Comparison of sepsis-associated acute kidney injury with different degrees and causes reveals patterns in mitochondrial metabolism and immune infiltration changes.

Sepsis-associated acute kidney injury (SA-AKI) is a common complication in critically ill patients, characterized by high morbidity and mortality rates. It remains primarily treated with supportive and nonspecific therapies because of the absence of effective diagnostic biomarkers and therapeutic targets. This study utilized cecal ligation and puncture (CLP) and intraperitoneal injection of lipopolysaccharide (LPS) to create a murine model of SA-AKI, simulating various degrees of severity and aetiologies.
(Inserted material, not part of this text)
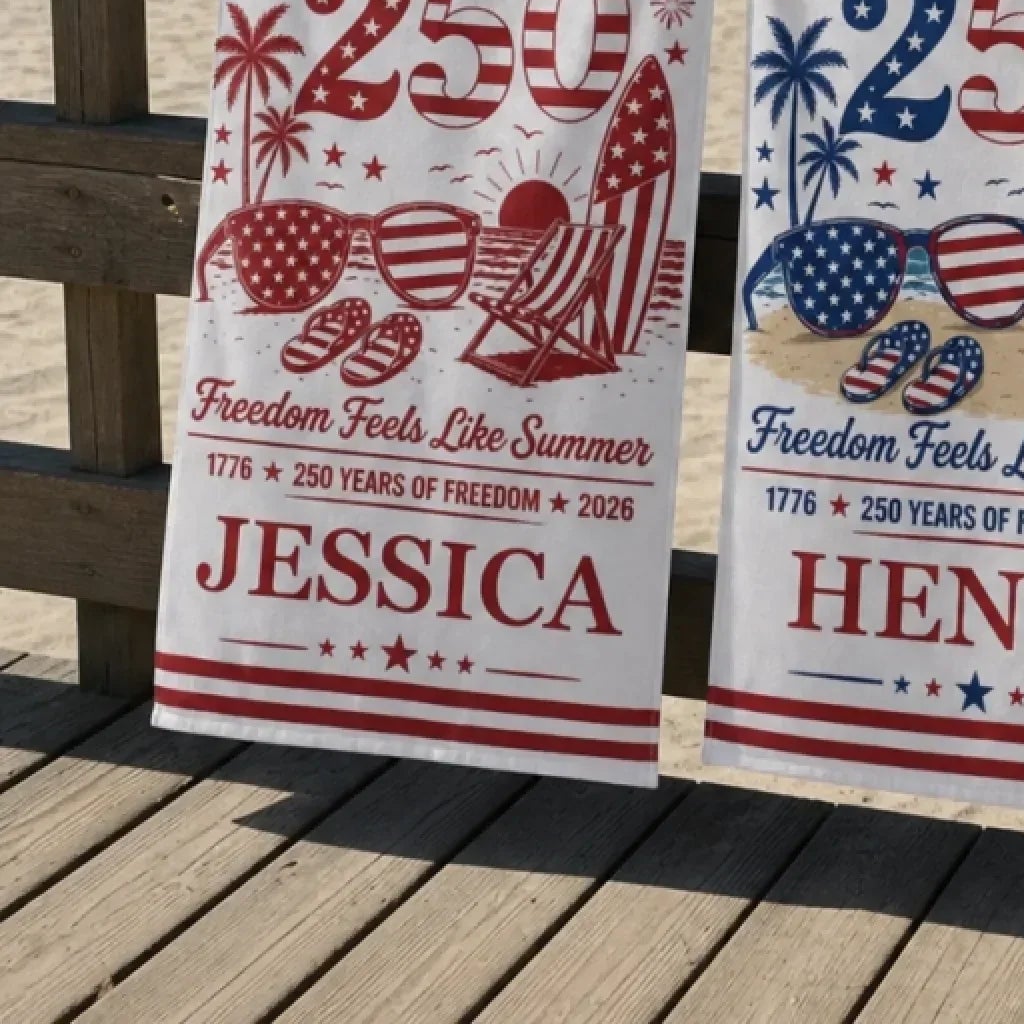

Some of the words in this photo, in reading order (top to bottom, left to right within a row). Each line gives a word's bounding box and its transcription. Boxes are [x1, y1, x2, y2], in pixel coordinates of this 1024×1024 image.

Renal transcriptome sequencing was performed, followed by extensive bioinformatic analyses, including gene expression trend analysis using the Mfuzz package, weighted gene co-expression network analysis (WGCNA), protein-protein interaction (PPI) networks, and Cibersort immune infiltration analysis, to uncover key molecular changes in SA-AKI. Transcriptome analysis revealed that SA-AKI induces mitochondrial dysfunction and metabolic disturbances. As the severity of SA-AKI increases, immune-inflammatory activity becomes more pronounced, along with significant metabolic dysfunction. Variations in immune cell infiltration between different aetiologies of SA-AKI suggest distinct immune response patterns and timing. Six hub mitochondrial differentially expressed genes (MitoDEGs) related to SA-AKI severity were identified and validated, showing significant associations with immune cell infiltration. These findings provide valuable insights into SA-AKI pathogenesis and the exploration of therapeutic targets.